WHAT TO DO
This exercise calls for the records to be returned exactly, with images removed.
==== TASK DATA
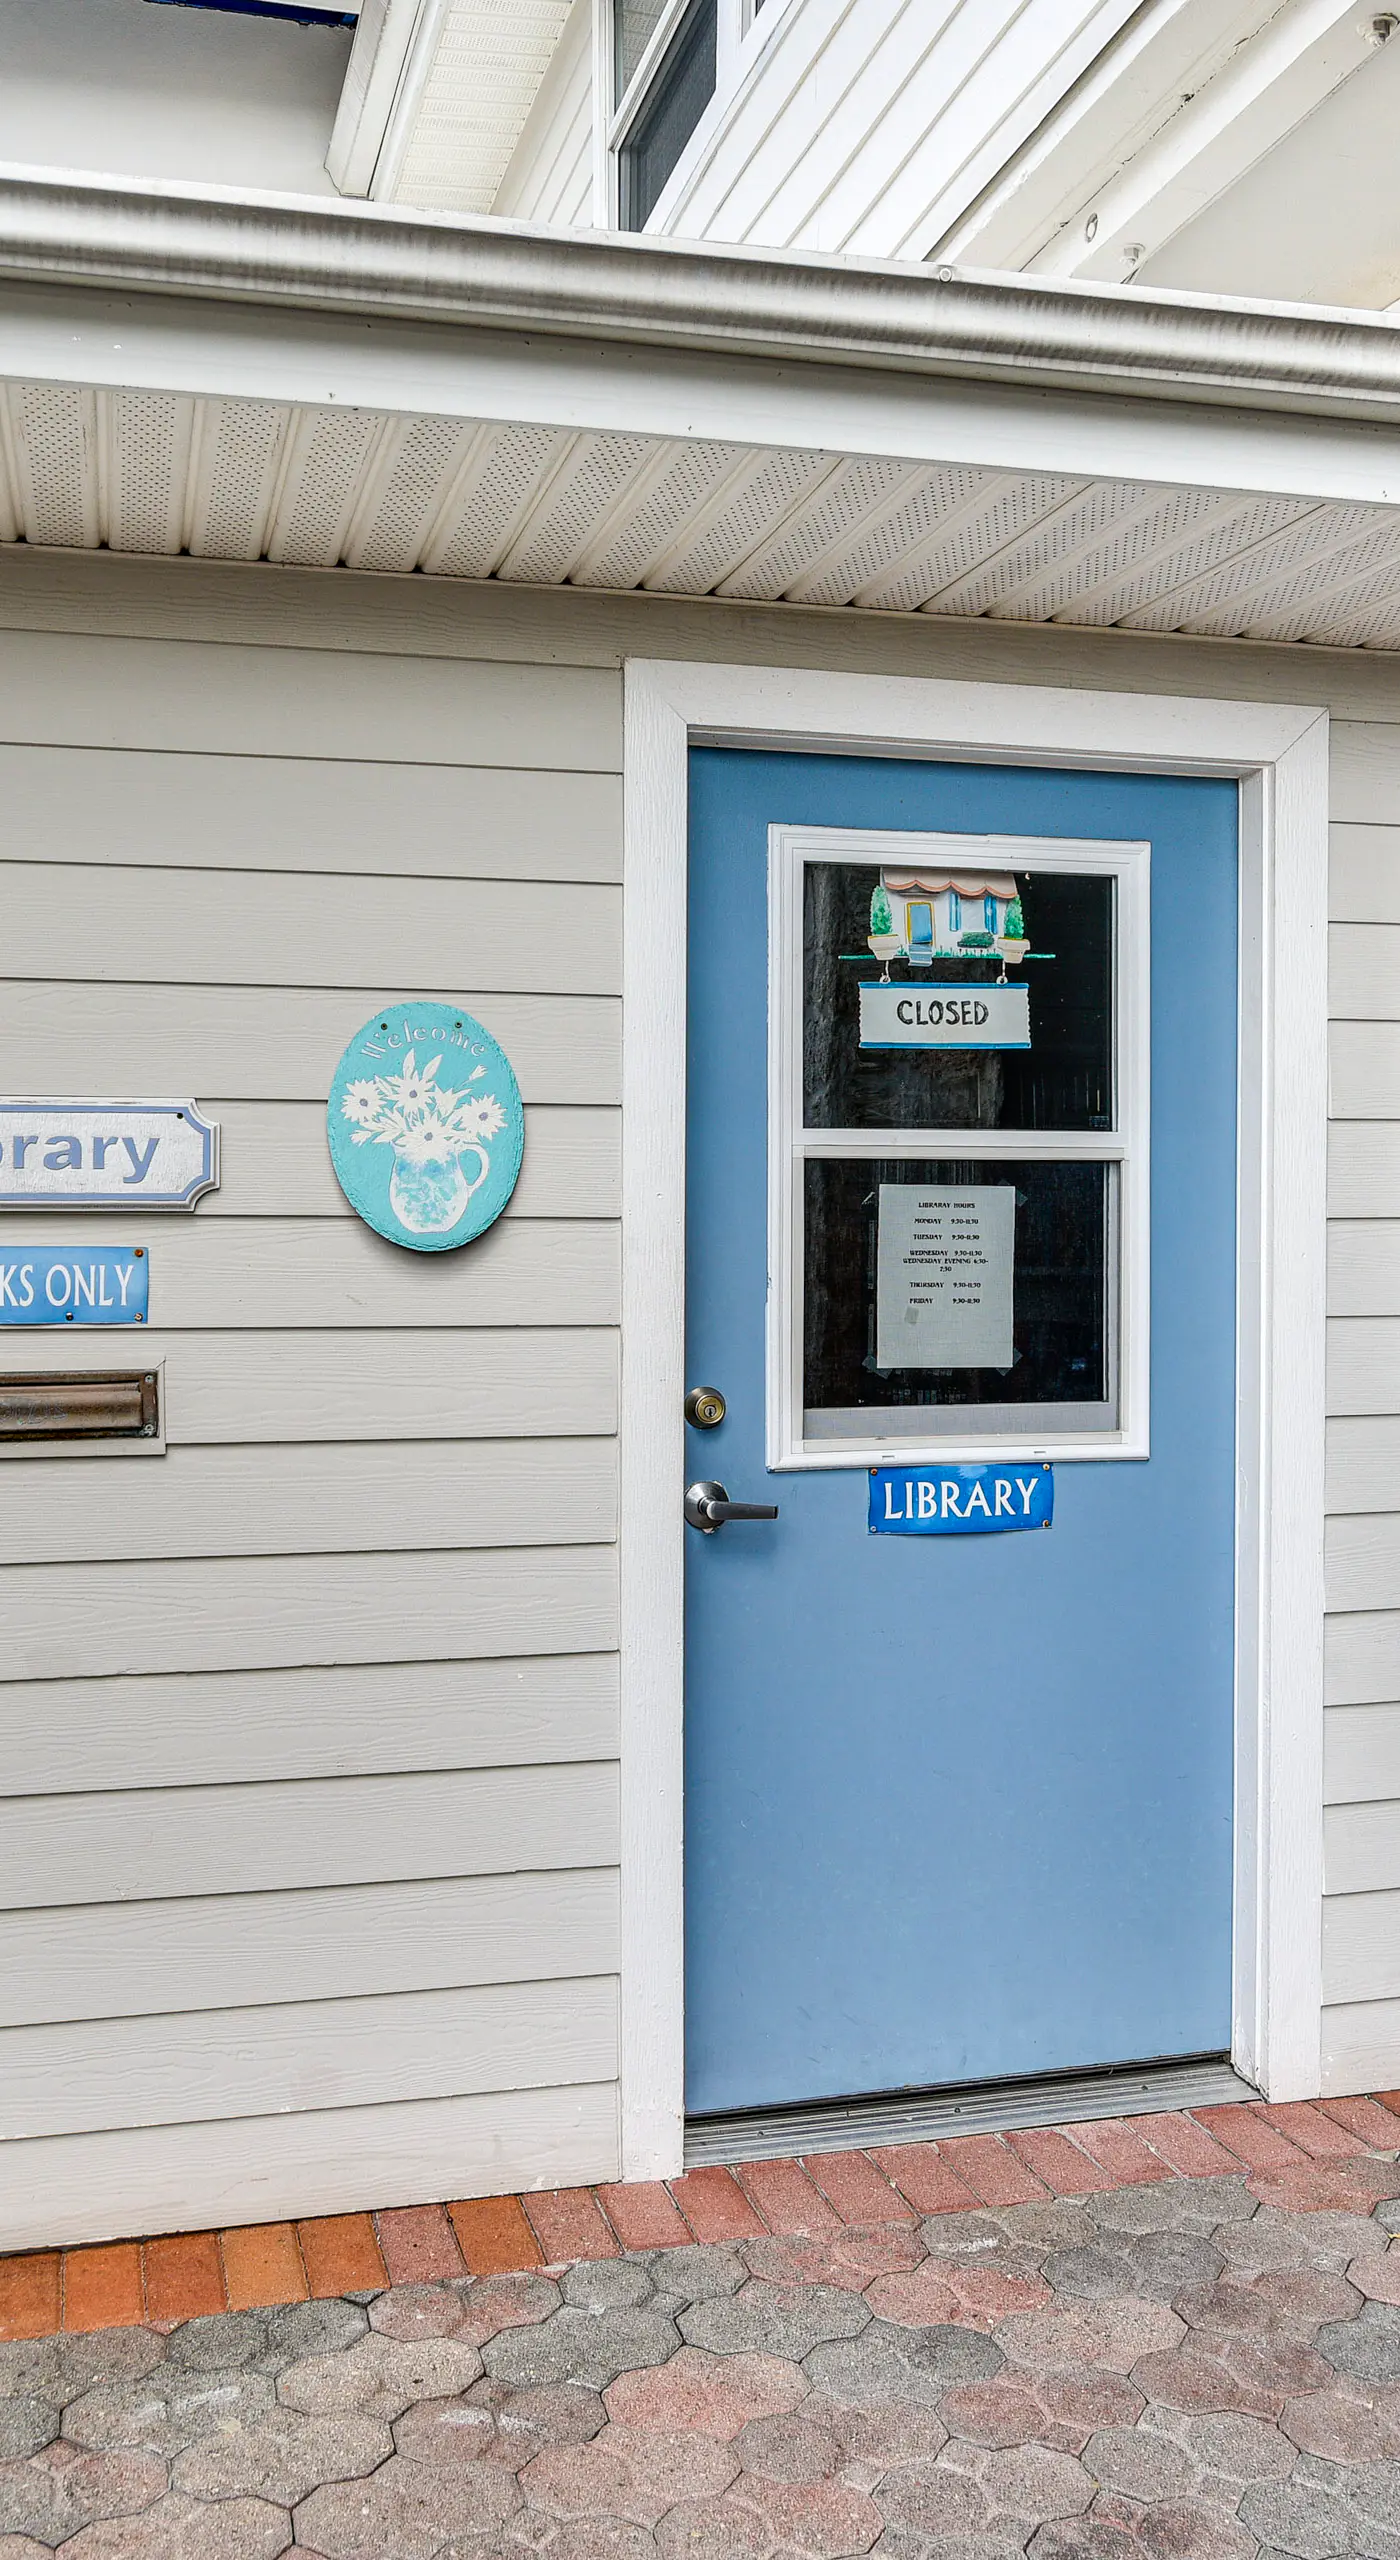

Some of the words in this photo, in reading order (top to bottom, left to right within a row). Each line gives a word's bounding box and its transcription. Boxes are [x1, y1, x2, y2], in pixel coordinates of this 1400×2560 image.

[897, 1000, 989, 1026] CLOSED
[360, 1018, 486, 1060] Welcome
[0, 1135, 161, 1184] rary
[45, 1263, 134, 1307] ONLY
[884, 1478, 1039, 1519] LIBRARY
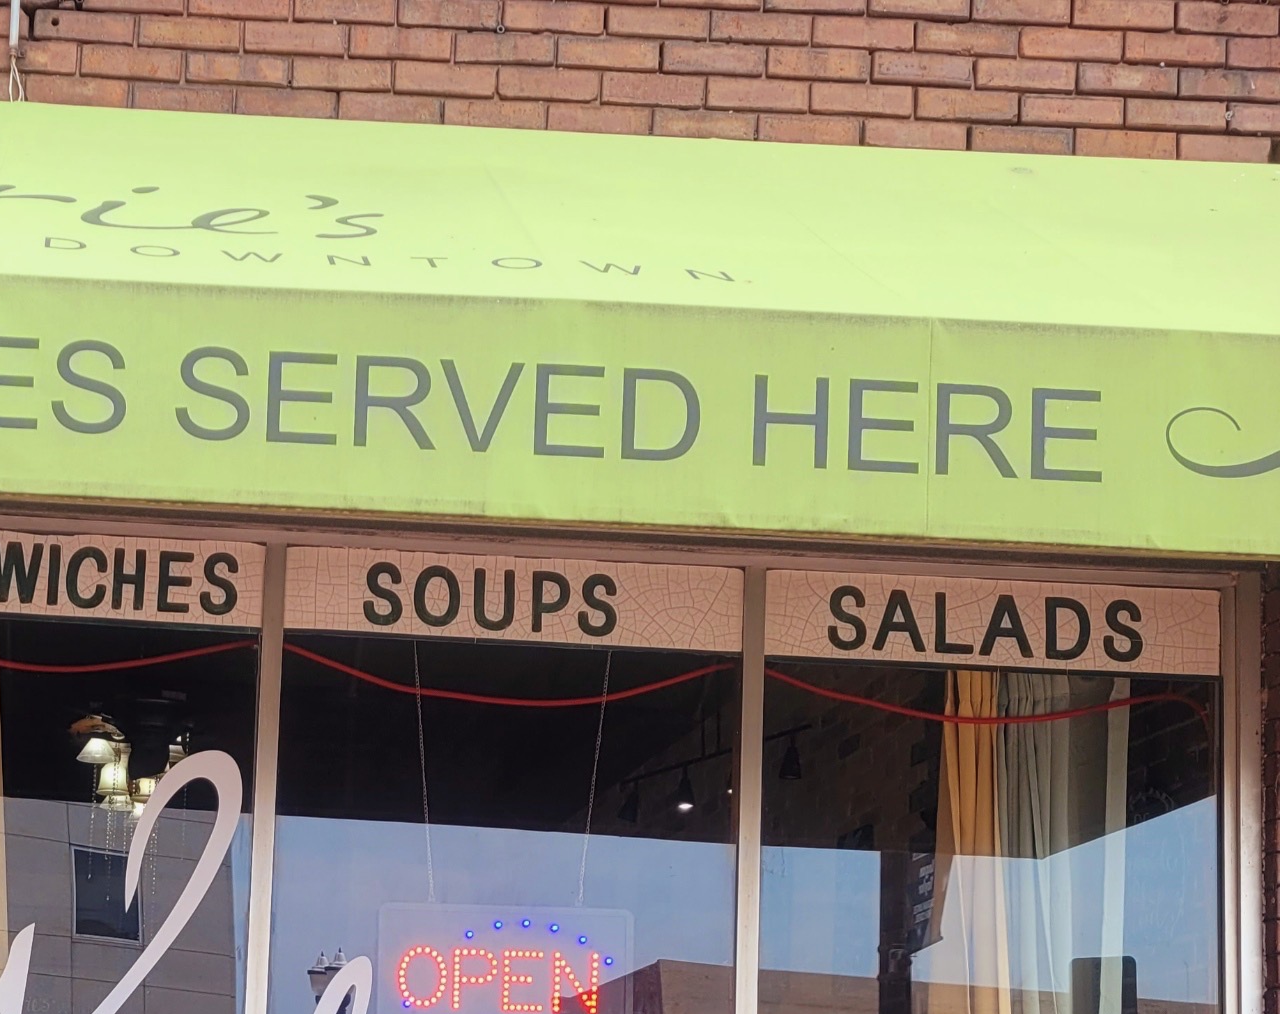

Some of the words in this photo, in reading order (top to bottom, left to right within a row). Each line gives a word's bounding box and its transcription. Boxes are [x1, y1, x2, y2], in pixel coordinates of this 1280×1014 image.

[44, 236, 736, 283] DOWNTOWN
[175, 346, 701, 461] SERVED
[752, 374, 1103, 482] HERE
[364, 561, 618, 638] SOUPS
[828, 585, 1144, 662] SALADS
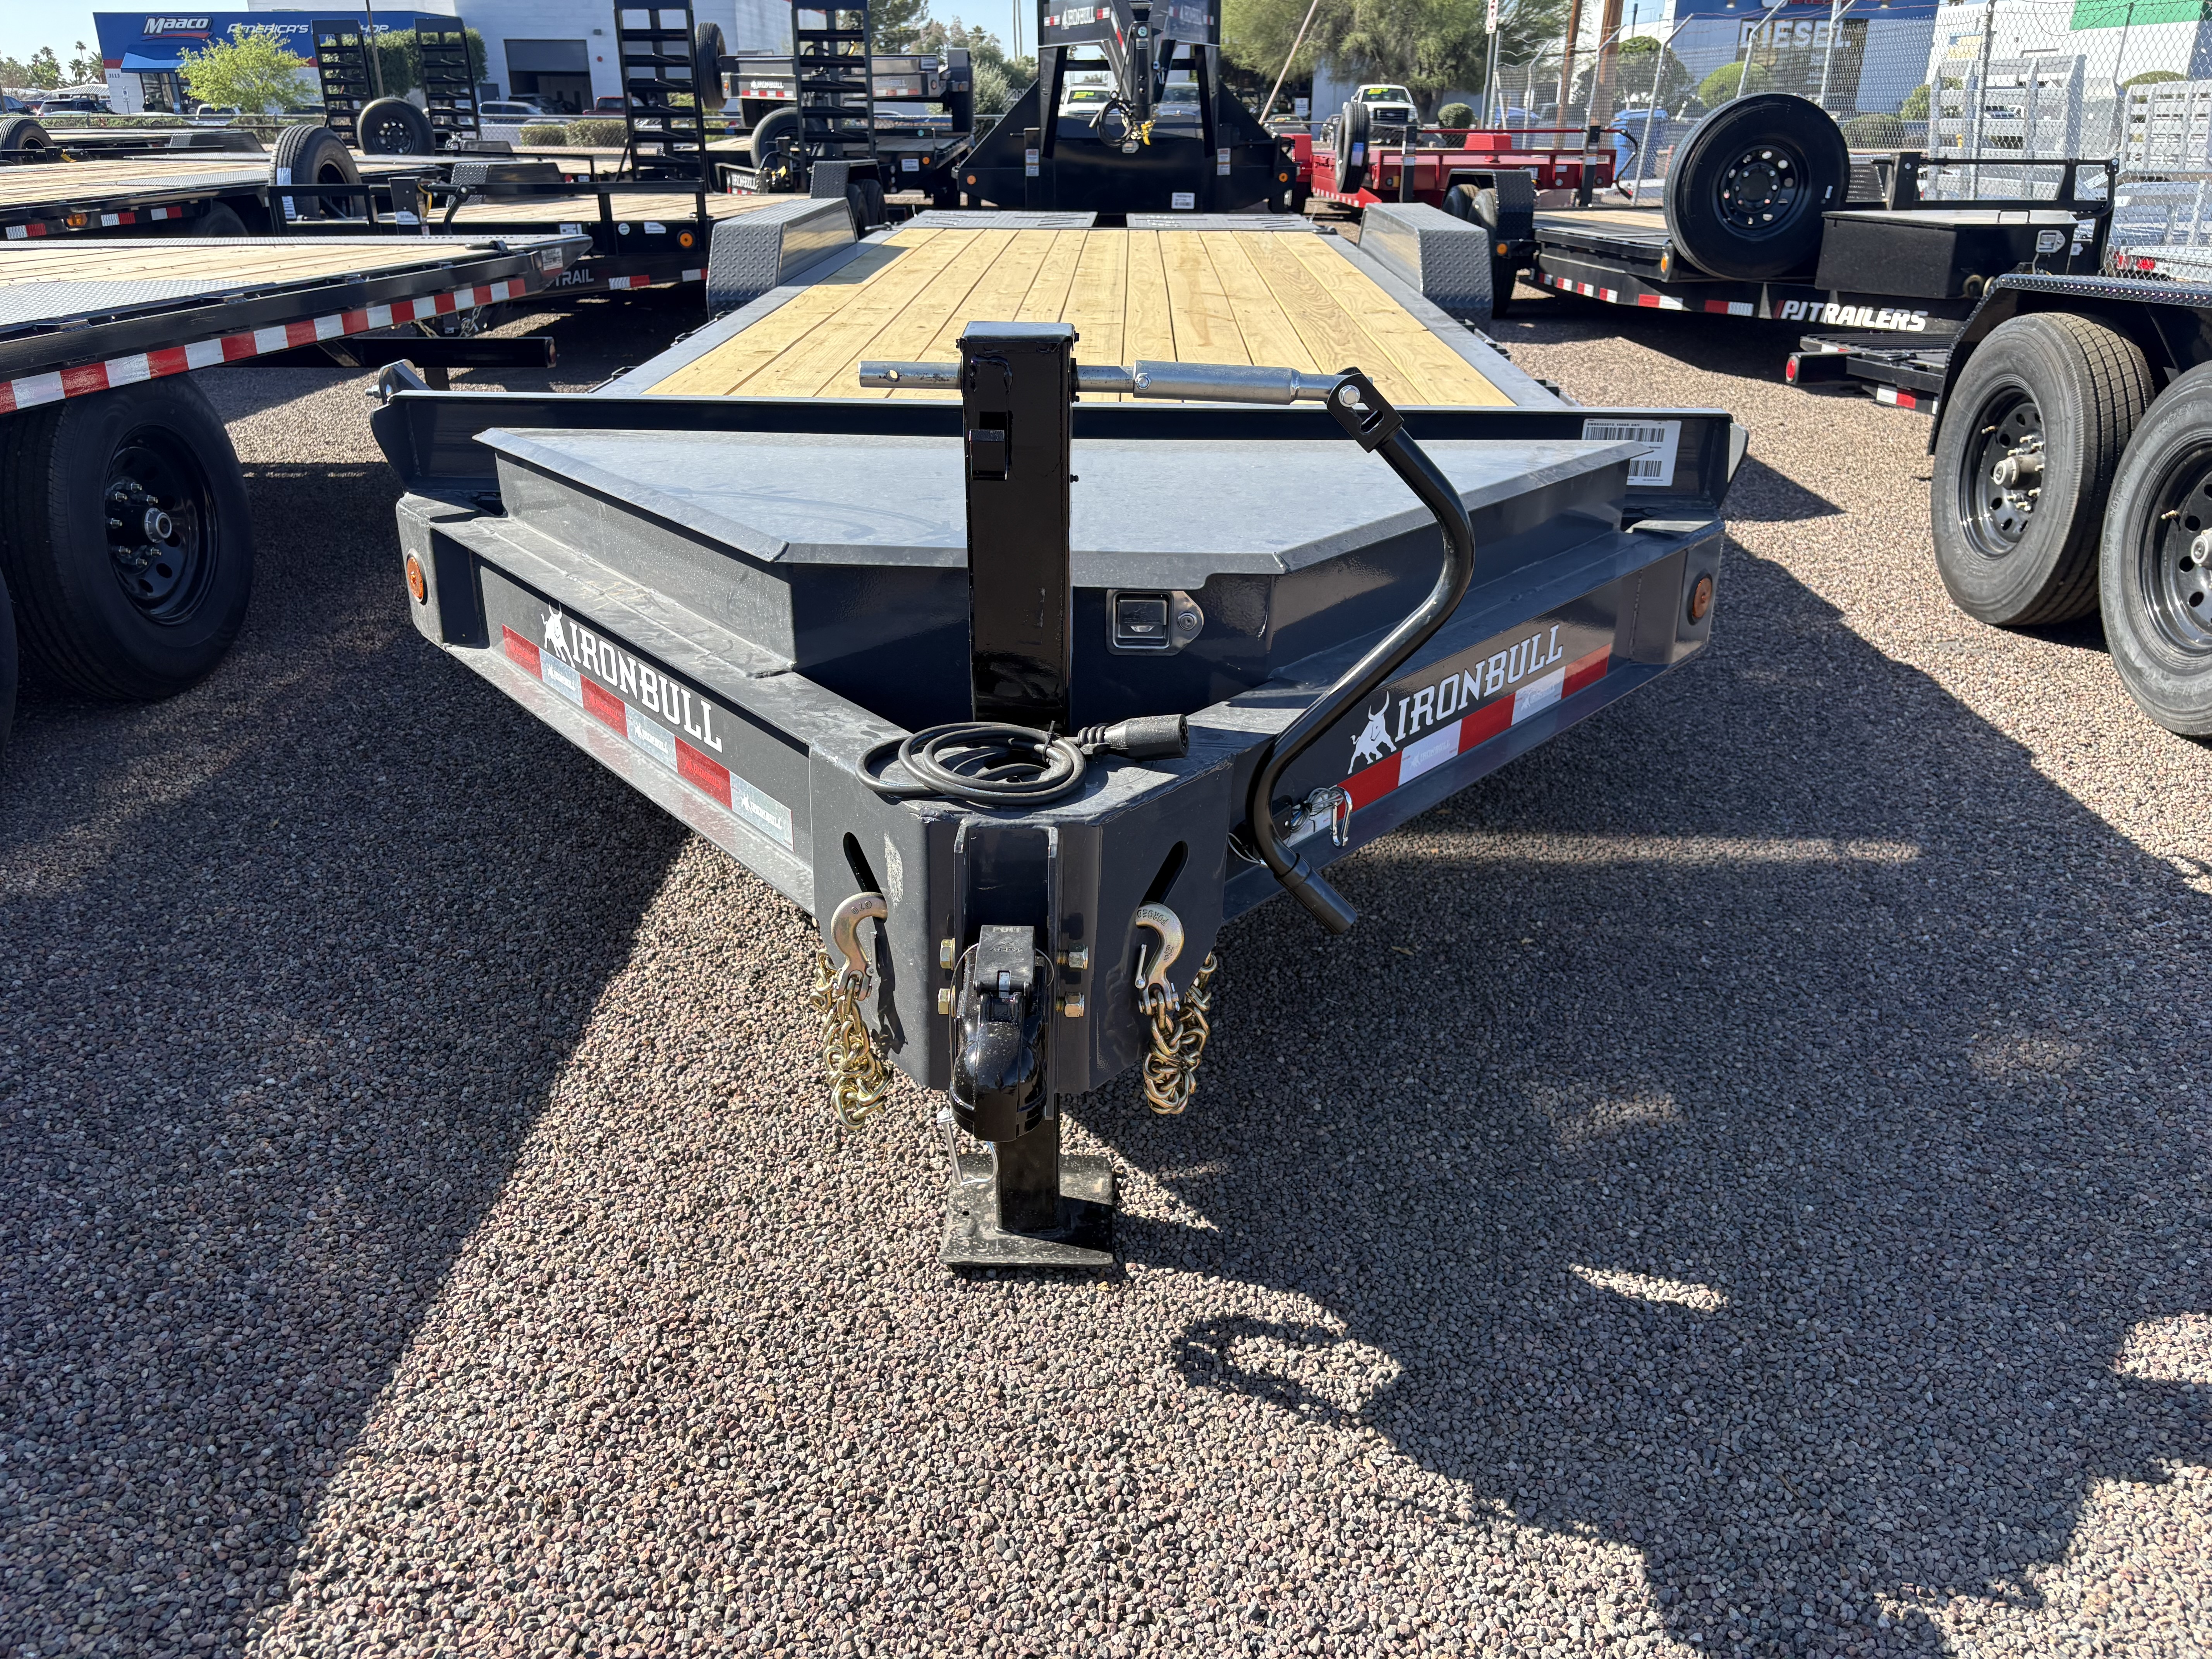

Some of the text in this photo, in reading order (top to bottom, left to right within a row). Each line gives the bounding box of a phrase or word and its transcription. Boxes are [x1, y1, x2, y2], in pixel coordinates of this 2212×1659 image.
========
RESULT OF THIS EXERCISE
Some of the words in this photo, in reading order (top to bottom, left to right within a row). Each line gives a word's bounding box and its transcription. Boxes are [x1, y1, x2, y2], in pixel coordinates of this 1400×2560 image.

[897, 1000, 989, 1026] CLOSED
[360, 1018, 486, 1060] Welcome
[0, 1135, 161, 1184] rary
[45, 1263, 134, 1307] ONLY
[884, 1478, 1039, 1519] LIBRARY

Some of the words in this photo, in reading order (top to bottom, left to right within a row). Each line gives a word's bounding box and its transcription. Boxes are [x1, y1, x2, y2], in pixel coordinates of this 1280×1014 image.

[44, 236, 736, 283] DOWNTOWN
[175, 346, 701, 461] SERVED
[752, 374, 1103, 482] HERE
[364, 561, 618, 638] SOUPS
[828, 585, 1144, 662] SALADS

Some of the text in this photo, in reading order (top to bottom, left to right within a row). Each line gives the bounding box of a phrase or word and its transcription. Boxes are [x1, y1, x2, y2], in pixel coordinates of this 2212×1659 image.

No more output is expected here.